## [Task goal]
Leave out the pictures and repeat the entries below verbatim.
+++ The records
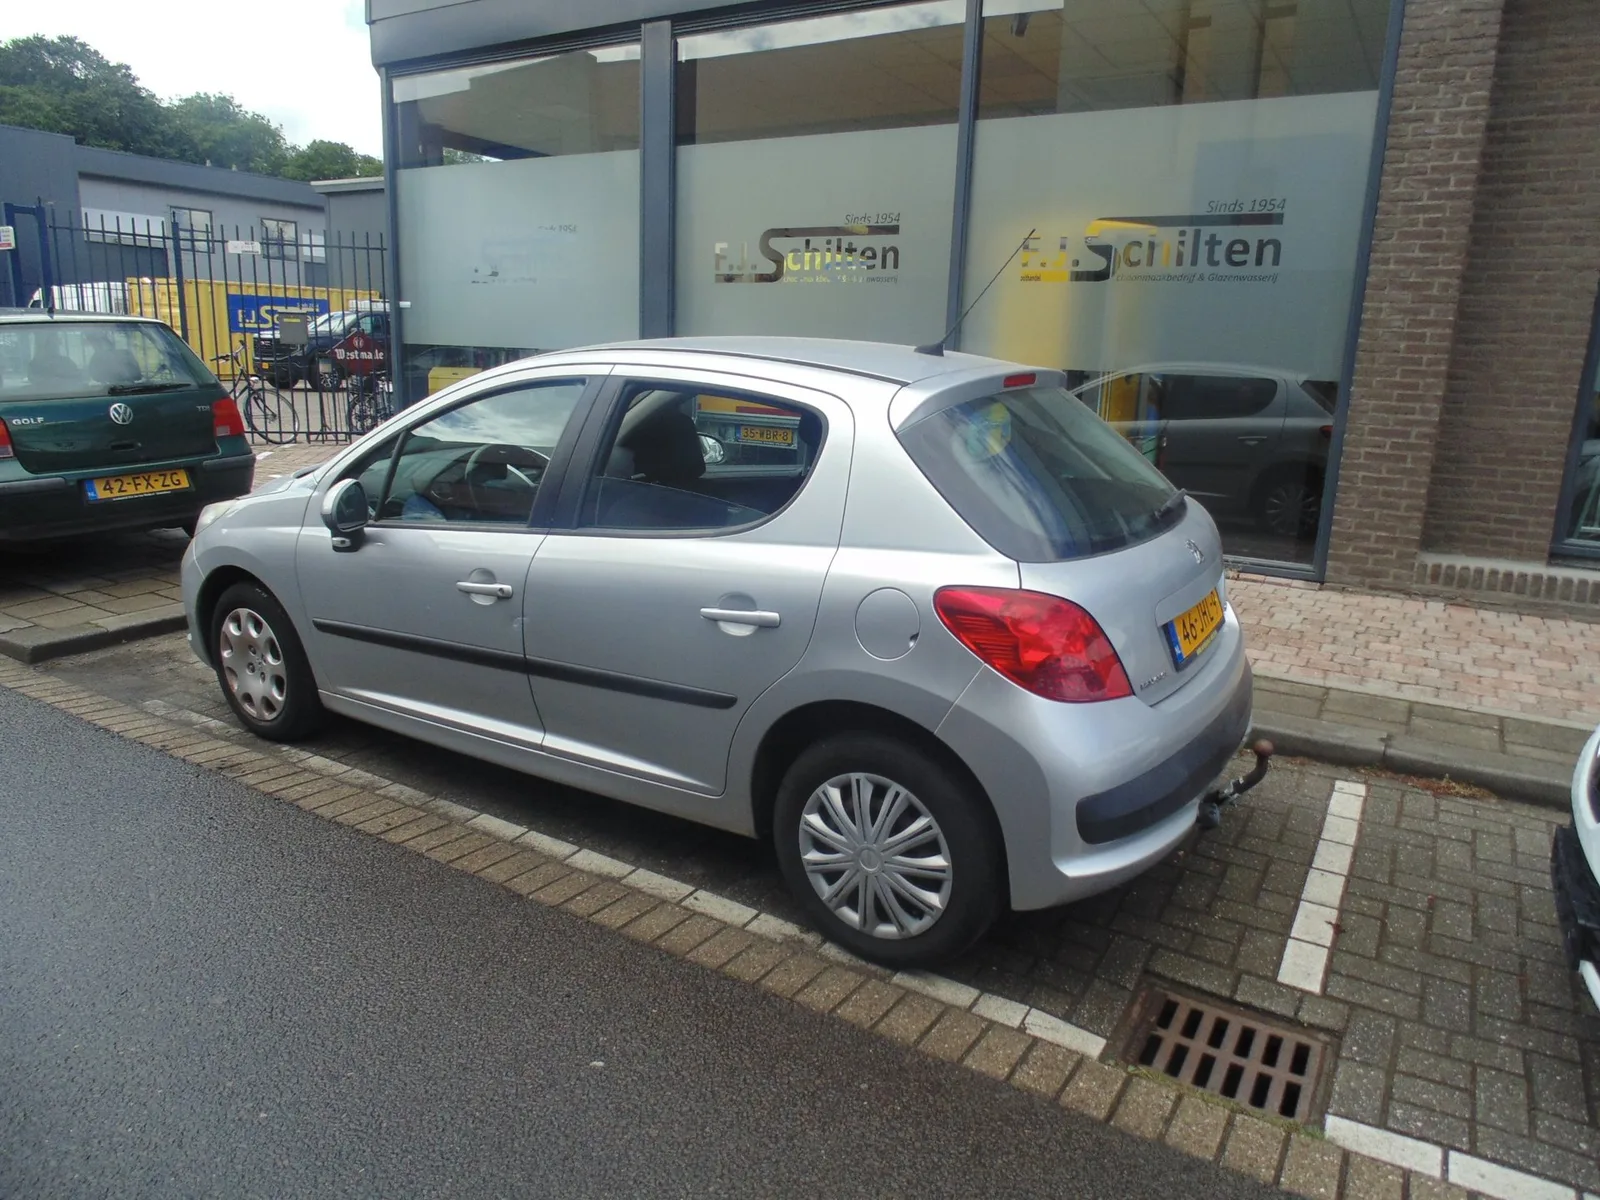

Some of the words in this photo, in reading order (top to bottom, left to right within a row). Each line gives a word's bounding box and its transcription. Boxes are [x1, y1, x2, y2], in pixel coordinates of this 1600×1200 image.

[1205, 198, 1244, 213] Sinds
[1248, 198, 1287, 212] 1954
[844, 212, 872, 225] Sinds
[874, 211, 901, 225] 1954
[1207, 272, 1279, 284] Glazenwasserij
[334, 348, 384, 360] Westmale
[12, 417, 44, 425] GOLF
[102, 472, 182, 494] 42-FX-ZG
++++++
## [Expected answer]
Some of the words in this photo, in reading order (top to bottom, left to right within a row). Each line gives a word's bounding box and its transcription. Boxes are [x1, y1, x2, y2], in pixel coordinates of this 1600×1200 image.

[1205, 198, 1244, 213] Sinds
[1248, 198, 1287, 212] 1954
[844, 212, 872, 225] Sinds
[874, 211, 901, 225] 1954
[1207, 272, 1279, 284] Glazenwasserij
[334, 348, 384, 360] Westmale
[12, 417, 44, 425] GOLF
[102, 472, 182, 494] 42-FX-ZG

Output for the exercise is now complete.